Emerging champions: Fruits and vegetables
A favorable geographic location and climate to grow fresh produce all year underpin Senegal’s significant potential to boost fruit and vegetable exports to Europe. However, despite gradual progress, exports remain small. As in the case of groundnuts and fish, stringent quality norms in Europe, along with access to land and water, are major challenges facing the industry. Foreign investment has played a salutary role in opening up market access for Senegalese fruits and vegetables, but extension services and infrastructure must also be improved.
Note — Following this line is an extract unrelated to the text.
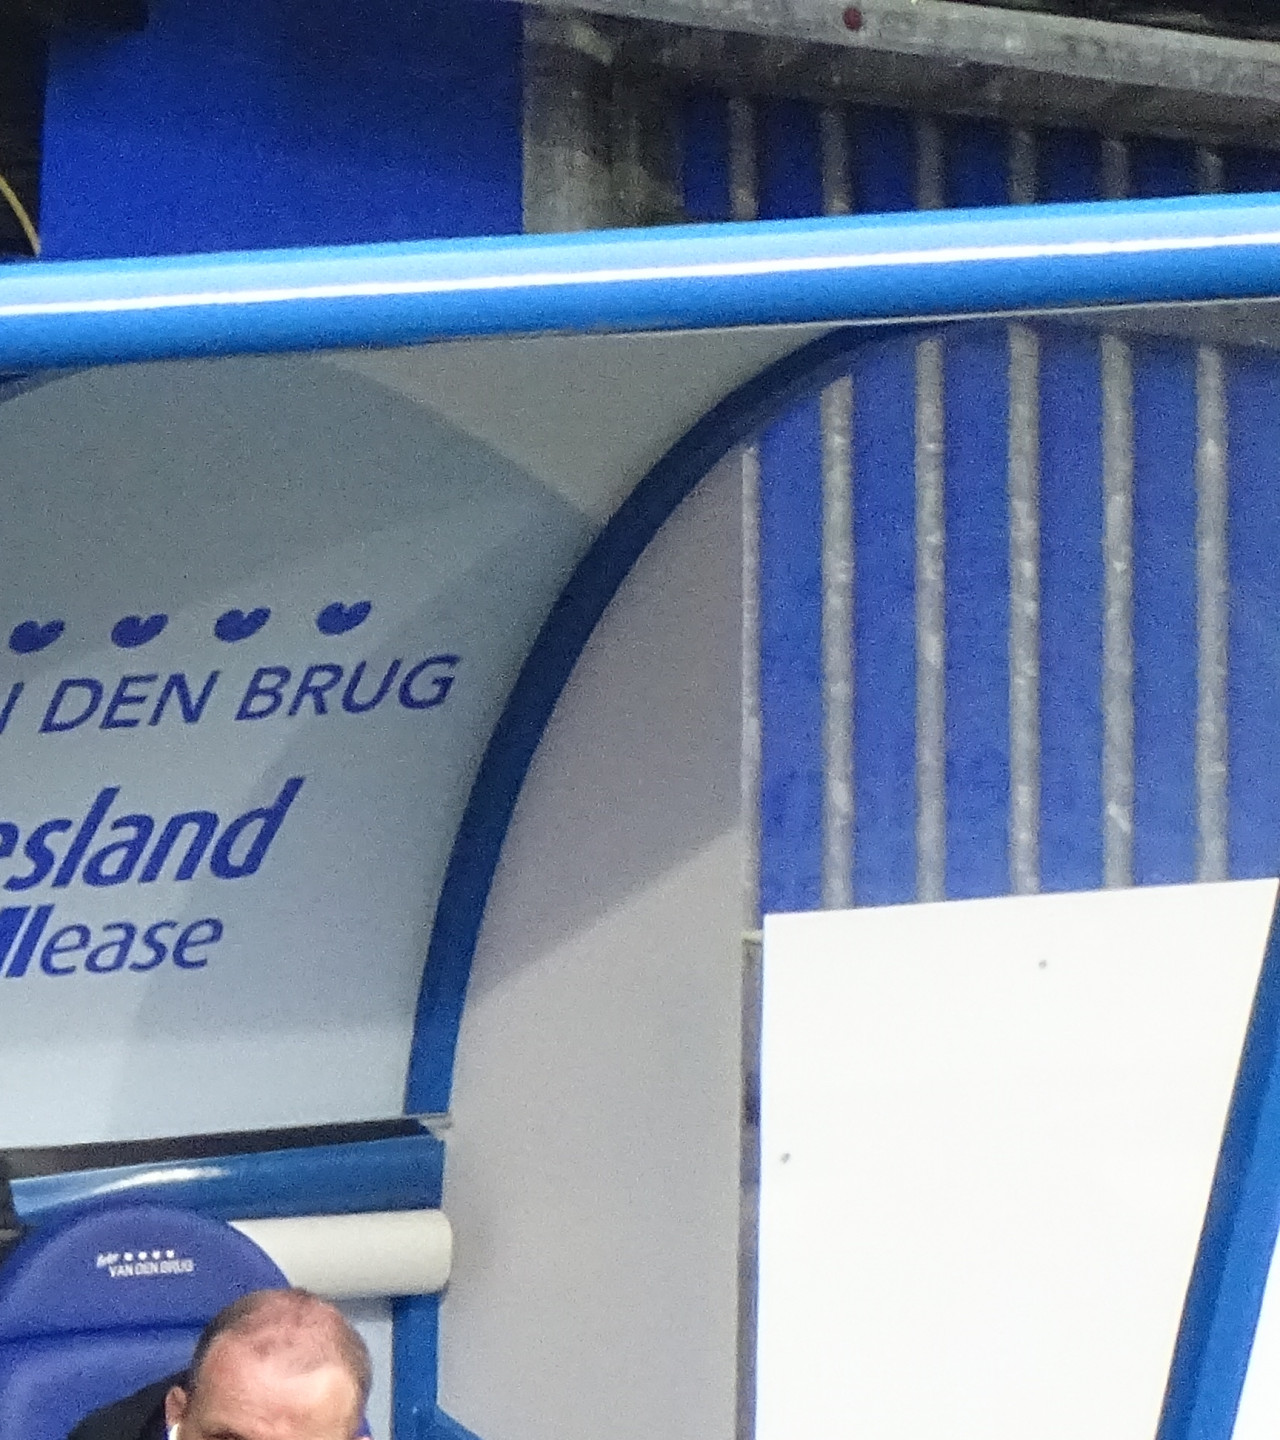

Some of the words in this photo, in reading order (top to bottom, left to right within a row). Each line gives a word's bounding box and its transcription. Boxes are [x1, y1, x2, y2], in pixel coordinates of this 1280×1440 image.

Marginals: Textile and clothing
Clothing and textiles have been the stepping stone to industrial development since the Industrial Revolution. Senegal had a well-developed formal industry inherited from the colonial era and a tradition of skilled informal tailors. However, the collapse of its overly protected and highly ineffective industrial base was triggered by increased smuggling and trade liberalization of the 1980s. Now, Senegal is unable to attract investment and outsourcing from global retail chains looking for new manufacturing hubs due to weaknesses in the investment climate and high unit labor costs.
A comparison of export-processing zones (EPZs) in Senegal and Mauritius is revealing: In short, Mauritius’ EPZ thrived while Senegal’s failed to take off for a number of reasons. First, Mauritius’ institutional environment and political commitment were much stronger than Senegal’s. Senegal’s poor infrastructure, failure to deliver incentives promptly, and inability to insulate firms from onerous labor-market regulations and union agitation undermined its EPZ. Mauritius’s success reveals the importance of improving the overall business environment rather than relying on discretionary tax and customs exemptions.
Despite a strong comparative advantage in fishing, groundnuts, horticulture, and clothing, and substantial opportunities to upgrade and diversify within them, these industries face daunting constraints, particularly in meeting quality standards. As noted above, our research finds that the greatest returns for building economic complexity can come from addressing deficient general and sector-specific infrastructure (e.g., roads and cold storage facilities, respectively), failure to provide technical assistance to firms in meeting quality norms, poor enforcement of illegal behavior such as overfishing, and burdensome labor market regulations. Importantly, improving infrastructure and governance would also boost competitiveness of existing firms and attract new foreign and domestic investors.